If a record contains a picture, skip the picture and transcribe the rest exactly.

• **INFORMATION PROVIDED**:

+++

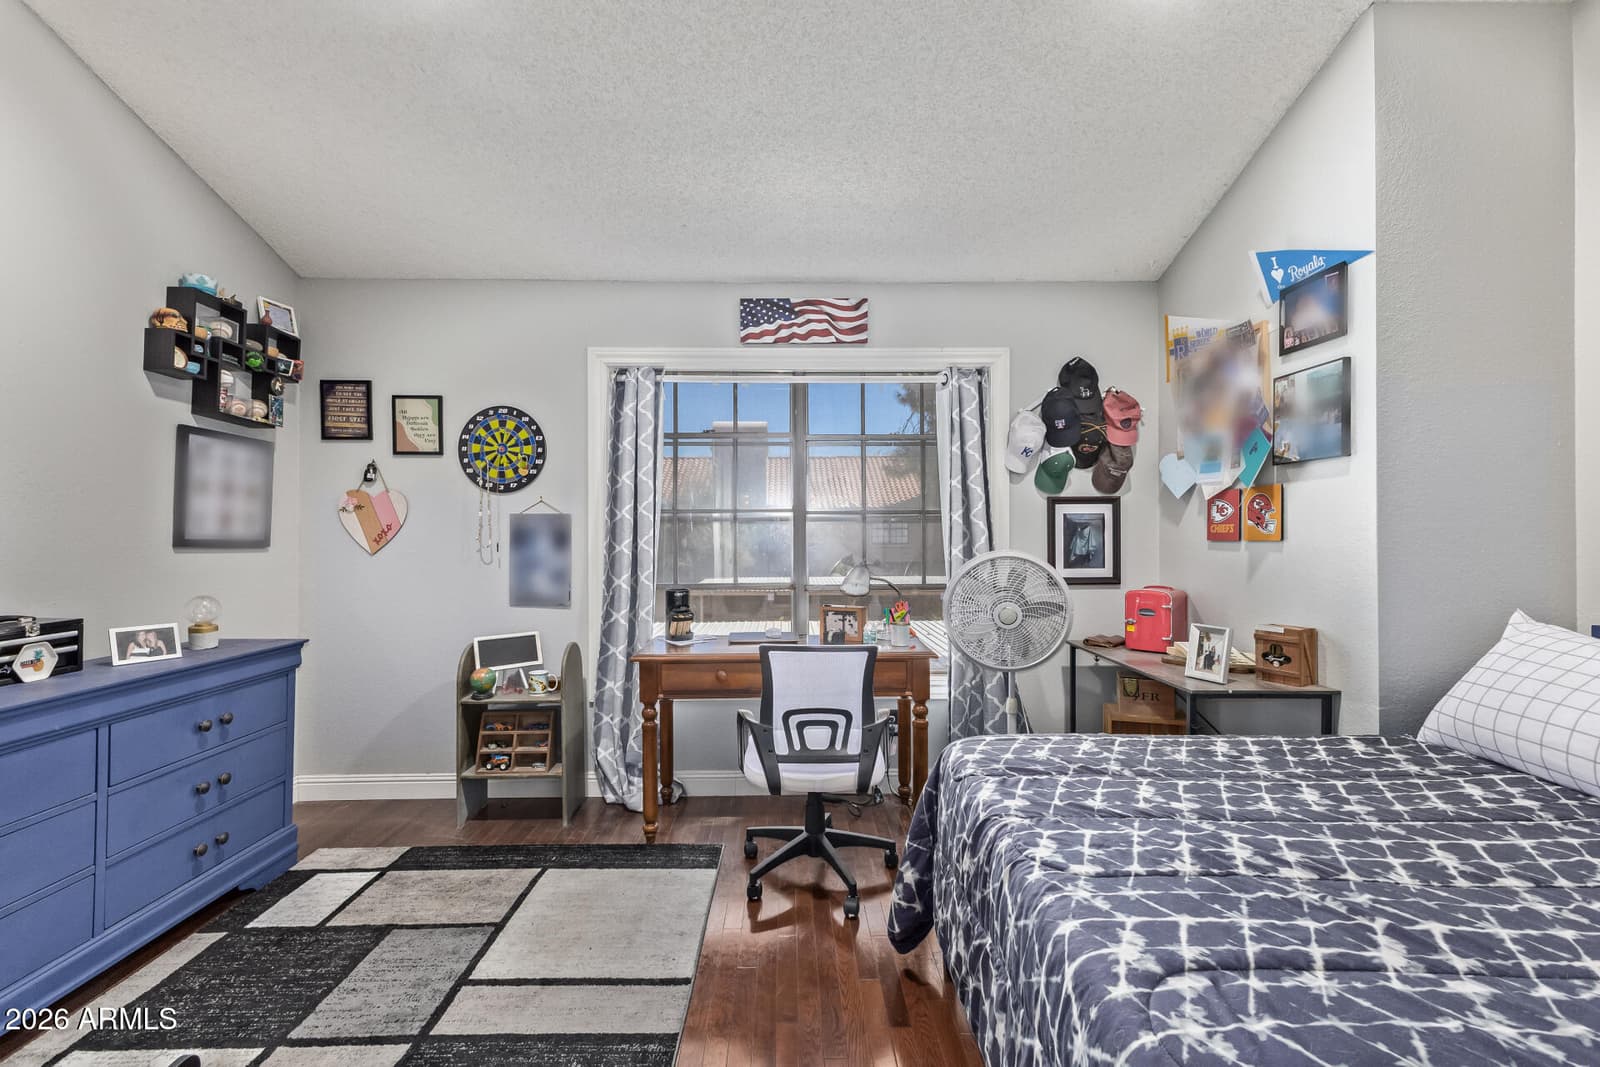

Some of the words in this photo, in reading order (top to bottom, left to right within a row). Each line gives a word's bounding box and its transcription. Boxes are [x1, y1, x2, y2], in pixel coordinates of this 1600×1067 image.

[1270, 256, 1279, 269] I
[1288, 255, 1326, 282] Royals
[1210, 523, 1235, 533] CHIEFS
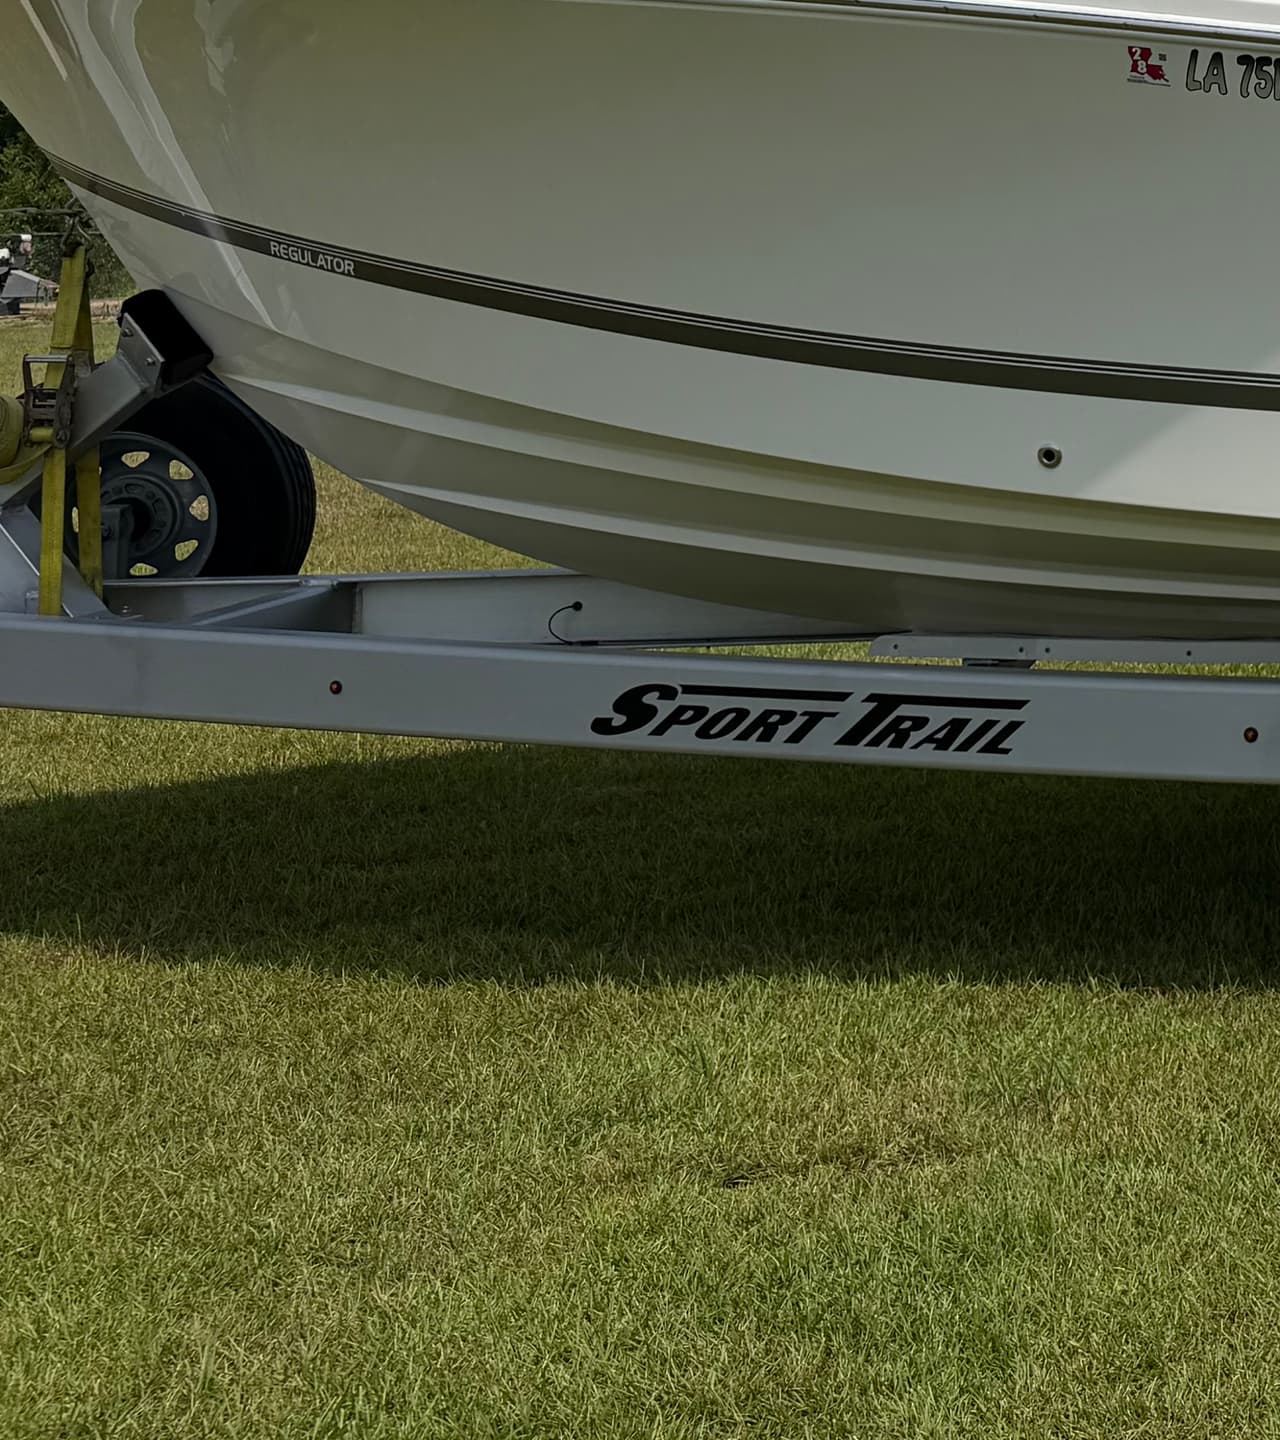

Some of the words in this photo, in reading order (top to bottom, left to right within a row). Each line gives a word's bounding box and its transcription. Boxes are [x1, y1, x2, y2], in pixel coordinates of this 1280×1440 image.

[1185, 49, 1228, 95] LA
[269, 241, 356, 276] REGULATOR
[590, 683, 841, 744] SPORT
[833, 692, 1031, 755] TRAIL
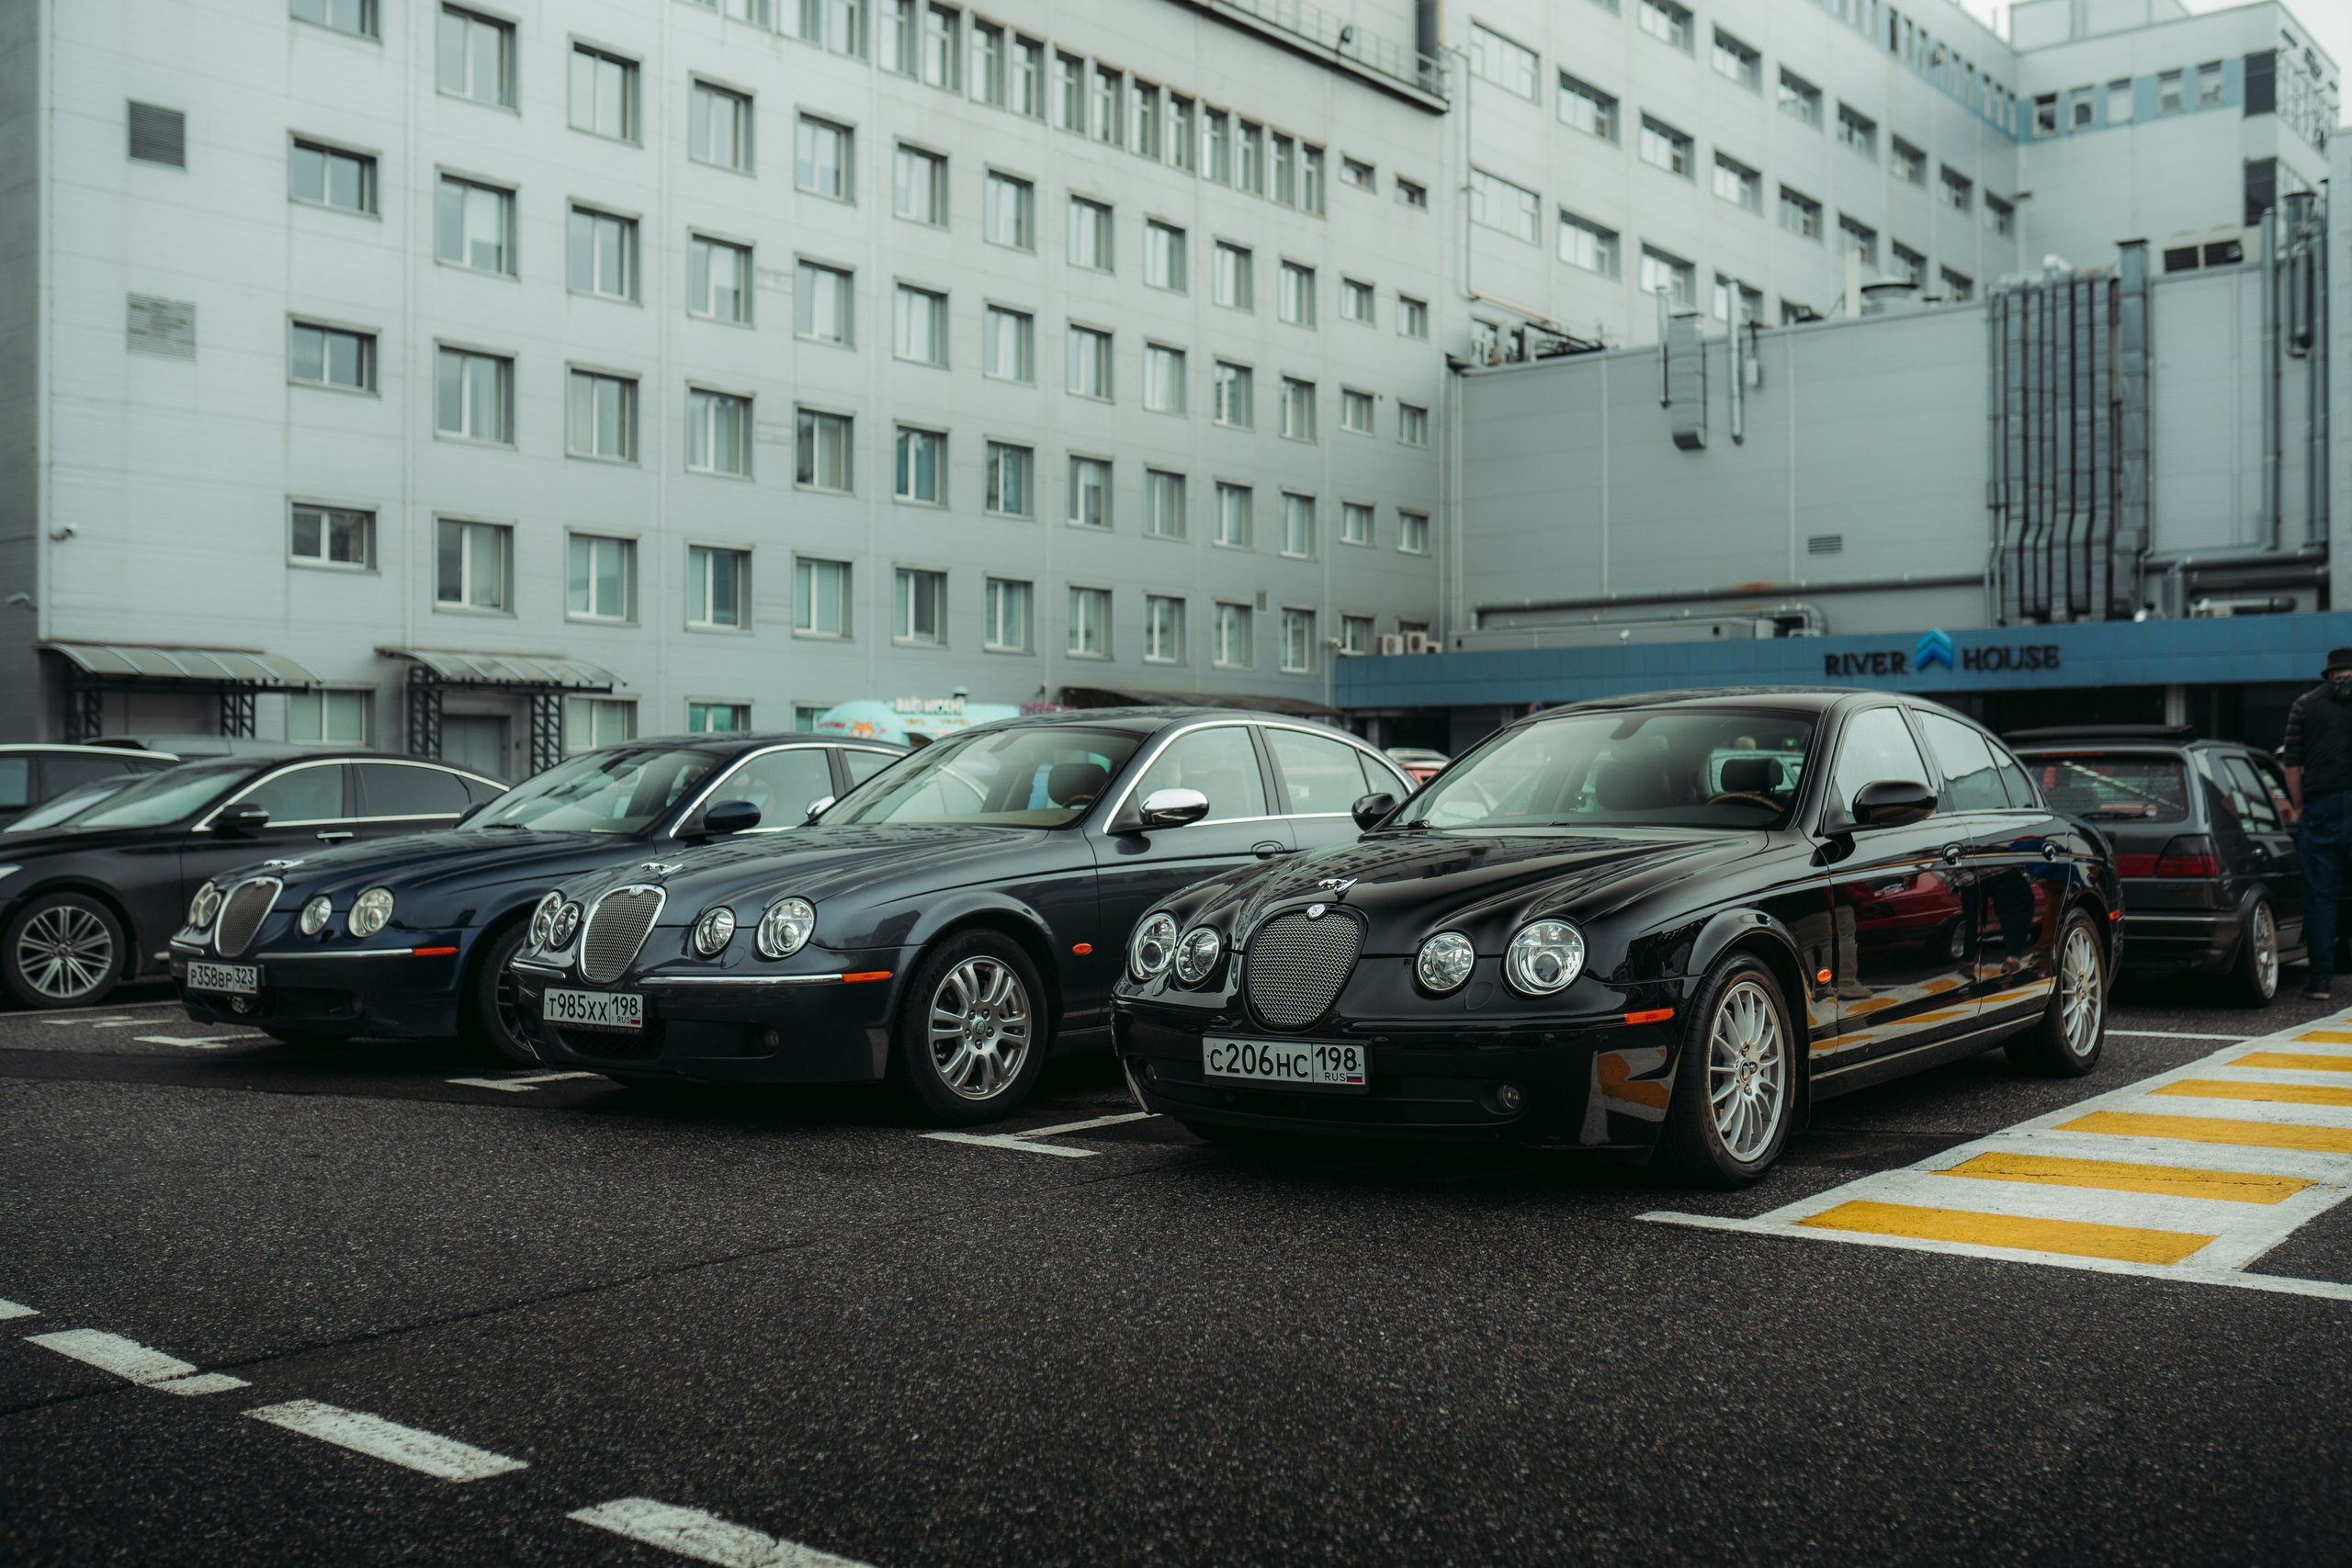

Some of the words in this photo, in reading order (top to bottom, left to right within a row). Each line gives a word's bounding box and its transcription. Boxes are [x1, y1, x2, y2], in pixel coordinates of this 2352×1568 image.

[1824, 650, 1907, 676] RIVER
[1962, 645, 2060, 671] HOUSE
[234, 967, 254, 985] 323
[612, 996, 638, 1016] 198
[616, 1016, 630, 1024] RUS
[1315, 1046, 1357, 1072] 198
[1324, 1072, 1346, 1082] RUS

+++

• **RESULT OF THE TASK**:
Some of the words in this photo, in reading order (top to bottom, left to right within a row). Each line gives a word's bounding box and its transcription. Boxes are [x1, y1, x2, y2], in pixel coordinates of this 1600×1067 image.

[1270, 256, 1279, 269] I
[1288, 255, 1326, 282] Royals
[1210, 523, 1235, 533] CHIEFS

Some of the words in this photo, in reading order (top to bottom, left to right within a row). Each line gives a word's bounding box and its transcription. Boxes are [x1, y1, x2, y2], in pixel coordinates of this 1280×1440 image.

[1185, 49, 1228, 95] LA
[269, 241, 356, 276] REGULATOR
[590, 683, 841, 744] SPORT
[833, 692, 1031, 755] TRAIL

Some of the words in this photo, in reading order (top to bottom, left to right within a row). Each line gives a word's bounding box and its transcription. Boxes are [x1, y1, x2, y2], in pixel coordinates of this 2352×1568 image.

[1824, 650, 1907, 676] RIVER
[1962, 645, 2060, 671] HOUSE
[234, 967, 254, 985] 323
[612, 996, 638, 1016] 198
[616, 1016, 630, 1024] RUS
[1315, 1046, 1357, 1072] 198
[1324, 1072, 1346, 1082] RUS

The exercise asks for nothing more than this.